Das Experiment kostete mindestens fünf Millionen Euro öffentliche Gelder. Zudem entstand ein Fresko am Straßenrand für 48.000 Euro. Zum Vergleich: Einen Kilometer „normale“ Straße gab es 2016 für rund 1.300 Euro.

Die französische Umweltministerin Ségolène Royal fasst beim Aufstellen von solarbetriebenen Straßenpaneelen mit an. Das Bild entstand am 21. März 2016 im Betriebszentrum der Autobahn L2 in Marseille, nachdem die französische Regierung beschlossen hatte, in den nächsten fünf Jahren über 1.000 Kilometer Solarstraßen zu bauen. Foto: Anne-Christine Poujoulat/AFP via Getty Images

Die Solarstraße sollte Strom aus den in den Straßenbelag integrierten Solarmodulen liefern. Ursprünglich plante man, täglich knapp 800 Kilowattstunden (kWh) Strom zu erzeugen und die Straßenbeleuchtung der 5.000-Einwohner-Gemeinde zu versorgen.
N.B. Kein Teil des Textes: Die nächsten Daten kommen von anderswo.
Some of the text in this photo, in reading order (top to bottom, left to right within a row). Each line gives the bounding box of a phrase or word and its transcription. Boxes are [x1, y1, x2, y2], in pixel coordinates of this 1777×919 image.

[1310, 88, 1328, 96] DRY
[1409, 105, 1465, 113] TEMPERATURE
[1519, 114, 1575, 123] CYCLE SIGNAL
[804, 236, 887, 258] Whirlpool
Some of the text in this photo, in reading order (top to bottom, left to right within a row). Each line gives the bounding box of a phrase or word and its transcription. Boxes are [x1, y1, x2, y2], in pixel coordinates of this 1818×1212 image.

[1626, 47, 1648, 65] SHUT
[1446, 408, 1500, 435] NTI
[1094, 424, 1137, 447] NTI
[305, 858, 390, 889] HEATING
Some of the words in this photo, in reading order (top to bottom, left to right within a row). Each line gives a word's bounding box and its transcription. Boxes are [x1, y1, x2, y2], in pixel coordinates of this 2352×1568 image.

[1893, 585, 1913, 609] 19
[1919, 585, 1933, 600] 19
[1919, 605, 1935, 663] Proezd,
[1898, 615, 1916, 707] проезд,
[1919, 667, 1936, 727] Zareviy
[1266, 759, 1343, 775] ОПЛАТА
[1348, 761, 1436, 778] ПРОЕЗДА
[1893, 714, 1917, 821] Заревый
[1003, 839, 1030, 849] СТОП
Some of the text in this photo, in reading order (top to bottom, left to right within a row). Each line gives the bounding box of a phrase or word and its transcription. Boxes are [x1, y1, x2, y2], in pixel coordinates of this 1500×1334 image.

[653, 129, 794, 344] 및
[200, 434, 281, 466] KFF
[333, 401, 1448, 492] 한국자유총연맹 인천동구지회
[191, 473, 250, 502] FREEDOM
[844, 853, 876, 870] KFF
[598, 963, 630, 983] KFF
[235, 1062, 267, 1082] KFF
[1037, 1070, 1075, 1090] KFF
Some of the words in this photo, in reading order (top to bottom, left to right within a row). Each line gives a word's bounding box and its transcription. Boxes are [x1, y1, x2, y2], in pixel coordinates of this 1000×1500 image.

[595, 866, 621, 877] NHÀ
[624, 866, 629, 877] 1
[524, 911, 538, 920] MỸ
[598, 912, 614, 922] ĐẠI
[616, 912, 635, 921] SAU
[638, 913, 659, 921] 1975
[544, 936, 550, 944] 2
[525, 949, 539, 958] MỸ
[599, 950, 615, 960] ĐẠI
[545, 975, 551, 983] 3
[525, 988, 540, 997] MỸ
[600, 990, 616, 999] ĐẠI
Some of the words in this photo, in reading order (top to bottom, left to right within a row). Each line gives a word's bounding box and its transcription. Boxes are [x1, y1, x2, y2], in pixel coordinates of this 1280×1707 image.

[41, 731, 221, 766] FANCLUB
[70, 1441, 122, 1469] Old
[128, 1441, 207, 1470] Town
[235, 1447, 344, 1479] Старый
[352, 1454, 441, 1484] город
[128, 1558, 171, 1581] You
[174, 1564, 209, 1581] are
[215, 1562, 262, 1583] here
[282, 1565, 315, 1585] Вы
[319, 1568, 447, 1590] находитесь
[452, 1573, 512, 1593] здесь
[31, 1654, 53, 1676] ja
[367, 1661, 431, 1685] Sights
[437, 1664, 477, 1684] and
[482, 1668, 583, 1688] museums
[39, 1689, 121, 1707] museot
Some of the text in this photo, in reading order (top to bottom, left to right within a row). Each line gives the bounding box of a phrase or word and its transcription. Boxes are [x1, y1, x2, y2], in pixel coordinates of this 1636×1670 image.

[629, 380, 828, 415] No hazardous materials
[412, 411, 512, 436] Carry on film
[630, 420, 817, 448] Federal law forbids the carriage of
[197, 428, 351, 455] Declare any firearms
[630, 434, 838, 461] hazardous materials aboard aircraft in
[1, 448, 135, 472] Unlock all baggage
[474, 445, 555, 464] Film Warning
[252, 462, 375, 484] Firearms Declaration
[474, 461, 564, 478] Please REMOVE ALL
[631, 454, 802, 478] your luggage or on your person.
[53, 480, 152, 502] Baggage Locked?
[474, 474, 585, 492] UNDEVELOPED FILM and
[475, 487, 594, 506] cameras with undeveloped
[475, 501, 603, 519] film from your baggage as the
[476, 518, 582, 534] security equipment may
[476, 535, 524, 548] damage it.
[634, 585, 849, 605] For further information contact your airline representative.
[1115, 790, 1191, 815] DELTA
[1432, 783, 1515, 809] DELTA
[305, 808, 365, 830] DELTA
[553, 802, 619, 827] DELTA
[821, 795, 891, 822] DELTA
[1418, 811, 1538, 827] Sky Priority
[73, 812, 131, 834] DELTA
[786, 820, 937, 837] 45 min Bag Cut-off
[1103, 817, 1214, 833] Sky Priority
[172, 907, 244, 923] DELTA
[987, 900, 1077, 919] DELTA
Selbst zu Beginn erreichte die Straße nur die Hälfte des Solls. 2022 kamen noch durchschnittlich 61 kWh zusammen. Bei Gewittern fiel die Stromproduktion komplett aus.

Gebaut wurde die Straße vom großen französischen Bauunternehmen Colas und dem Institut National de l’Énergie Solaire. Gemeinsam entwickelten sie das sogenannte Wattway-System für den ersten photovoltaischen Straßenbelag der Welt. Die „extrem dünnen und robusten Solarmodule“, so das Konzept, sollten auf bestehende Straßen, Radwege und Parkplätze aufgeklebt werden. Seit 2015 wurden etwa 40 Pilotstandorte in mehreren Ländern errichtet, um Wattway unter realen Bedingungen zu testen.

Andere Projekte haben ähnliche Probleme

International gibt es weitere Projekte dieser Art. In den Niederlanden wurde ein 100 Meter langer Photovoltaik-Radweg namens SolaRoad gebaut, der sogar mehr Strom erzeugte als erwartet – 73 bis 93 kWh pro Quadratmeter statt geplanten 50 bis 70 kWh.

In einer Solarstraße in den USA waren vor Fertigstellung bereits 75 Prozent der Solarzellen kaputt. Ein Wert, der sich binnen einer Woche auf 83 Prozent erhöhte und die Befahrbarkeit zum Erliegen brachte. Das Projekt kostete umgerechnet rund sechs Millionen Euro.

Radfahrer nutzen die SolaRoad während der offiziellen Eröffnung in Krommenie am 12. November 2014. Der Radweg besteht aus 2,5 mal 3,5 Meter großen Betonmodulen, in die mit gehärtetem Glas abgedeckte Solarzellen eingelassen sind. Foto: AFP PHOTO/ANP/Evert Elzinga

In Erftstadt bei Köln war ein PV-Radweg mit 200 Quadratmetern geplant, der 16.000 kWh Solarstrom pro Jahr produzieren sollte. Das Projekt wurde jedoch aufgrund technischer Probleme eingestellt. Auch am Forschungszentrum Jülich wurde 2022 ein 2,4 x 1,2 Meter großer Photovoltaik-Gehweg mit 336 Watt Leistung getestet.

Freiburg eröffnete 2022 einen 300 Meter langen Radweg, der mit Solarpaneelen überdacht ist. Dieses Pilotprojekt entstand in Kooperation zwischen badenovaWÄRMEPLUS, der Stadt Freiburg und dem Fraunhofer ISE.

Entlang des Messegeländes installierten die Bauherren 912 Photovoltaik-Glas-Glas-Module mit einer sommerlichen, wolkenfreien Gesamtleistung von 287,28 Kilowattpeak. Erwartet wird eine jährliche Stromproduktion von rund 280 MWh, was dem Jahresbedarf von etwa 180 Personen entspricht. Der erzeugte Strom werde direkt in den Laboren des Fraunhofer ISE im Solar-Info-Center genutzt.

Die Überdachung schützt vor Wind und Wetter und verfügt über ein energiesparendes Beleuchtungskonzept mit Bewegungsmeldern. Die Module stammen von Solarwatt aus Dresden. Solarwatt plant, die Produktion von Solarmodulen und Batteriespeichern in Dresden im August 2024 einzustellen.